[DATASET ENTRIES]:
════
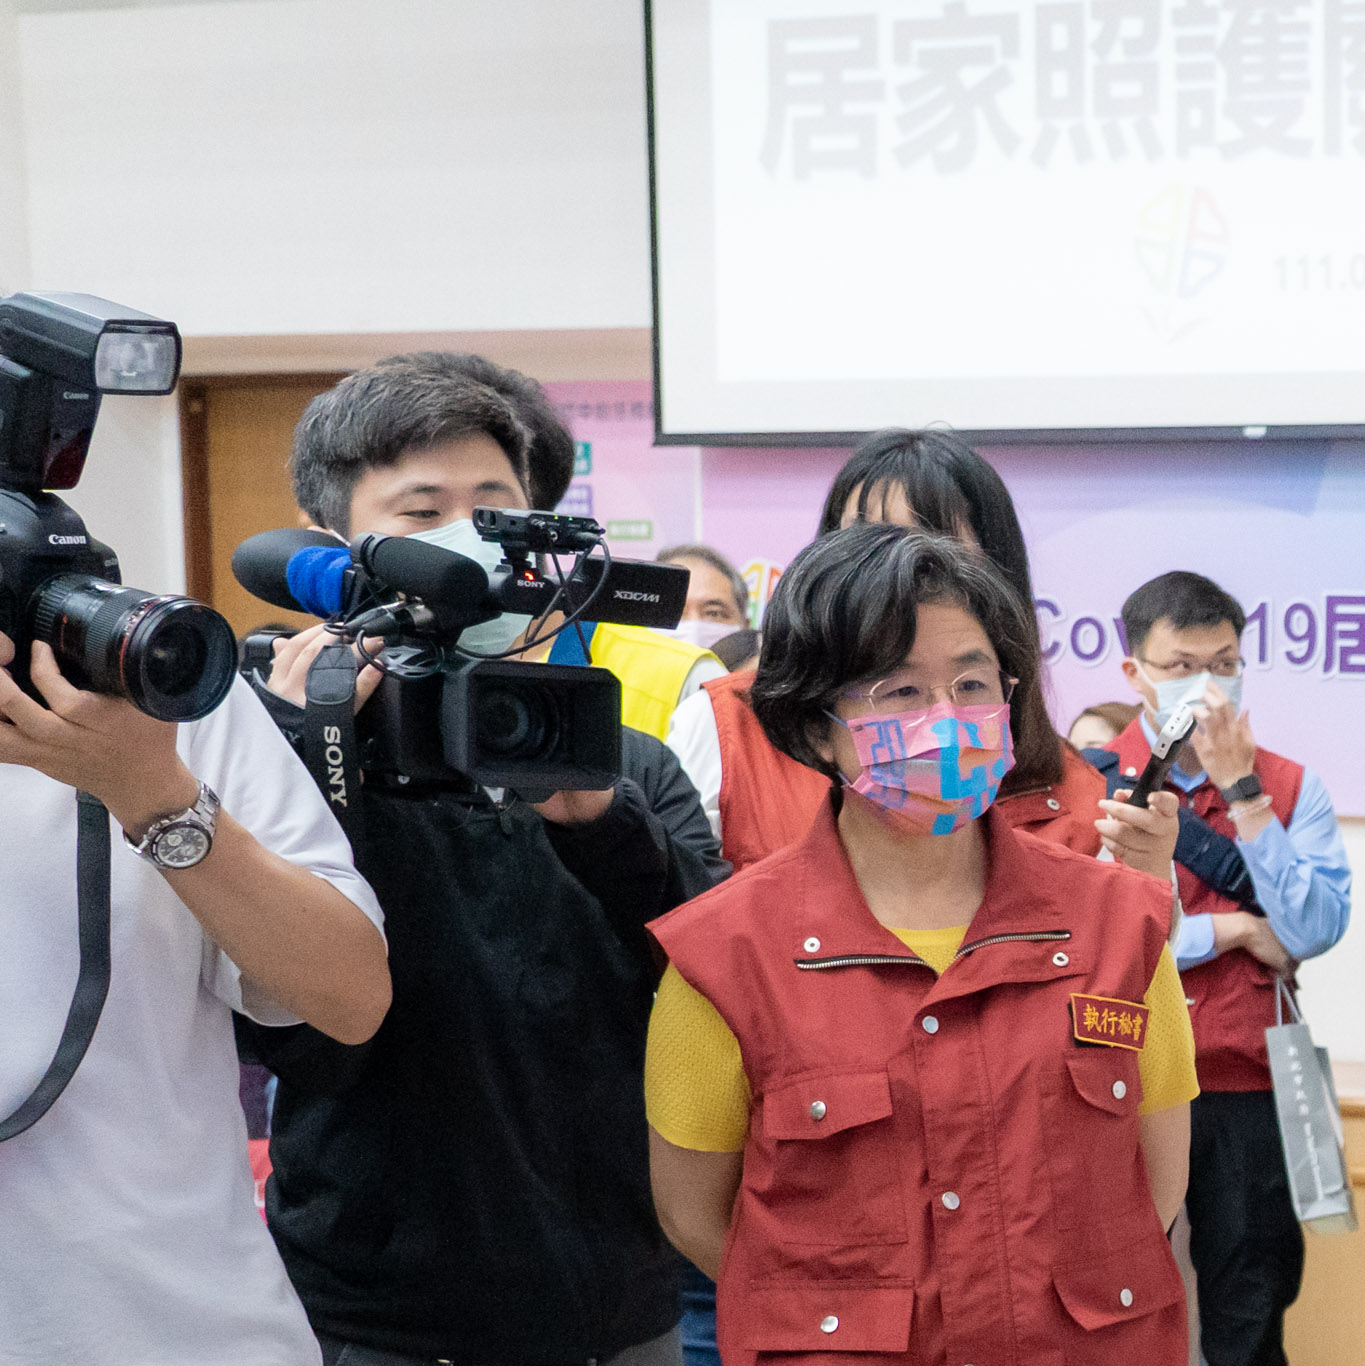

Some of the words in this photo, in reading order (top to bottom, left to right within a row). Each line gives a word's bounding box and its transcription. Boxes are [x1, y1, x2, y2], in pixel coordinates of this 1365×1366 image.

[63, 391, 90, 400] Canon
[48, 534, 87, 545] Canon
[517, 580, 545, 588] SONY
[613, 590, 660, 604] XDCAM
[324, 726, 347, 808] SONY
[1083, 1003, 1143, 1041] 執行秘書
════
[PROBLEM TO SOLVE]:
None of the images should be copied, but every entry must be given again exactly.

[OUTPUT FOR THIS TASK]:
Some of the words in this photo, in reading order (top to bottom, left to right within a row). Each line gives a word's bounding box and its transcription. Boxes are [x1, y1, x2, y2], in pixel coordinates of this 1365×1366 image.

[63, 391, 90, 400] Canon
[48, 534, 87, 545] Canon
[517, 580, 545, 588] SONY
[613, 590, 660, 604] XDCAM
[324, 726, 347, 808] SONY
[1083, 1003, 1143, 1041] 執行秘書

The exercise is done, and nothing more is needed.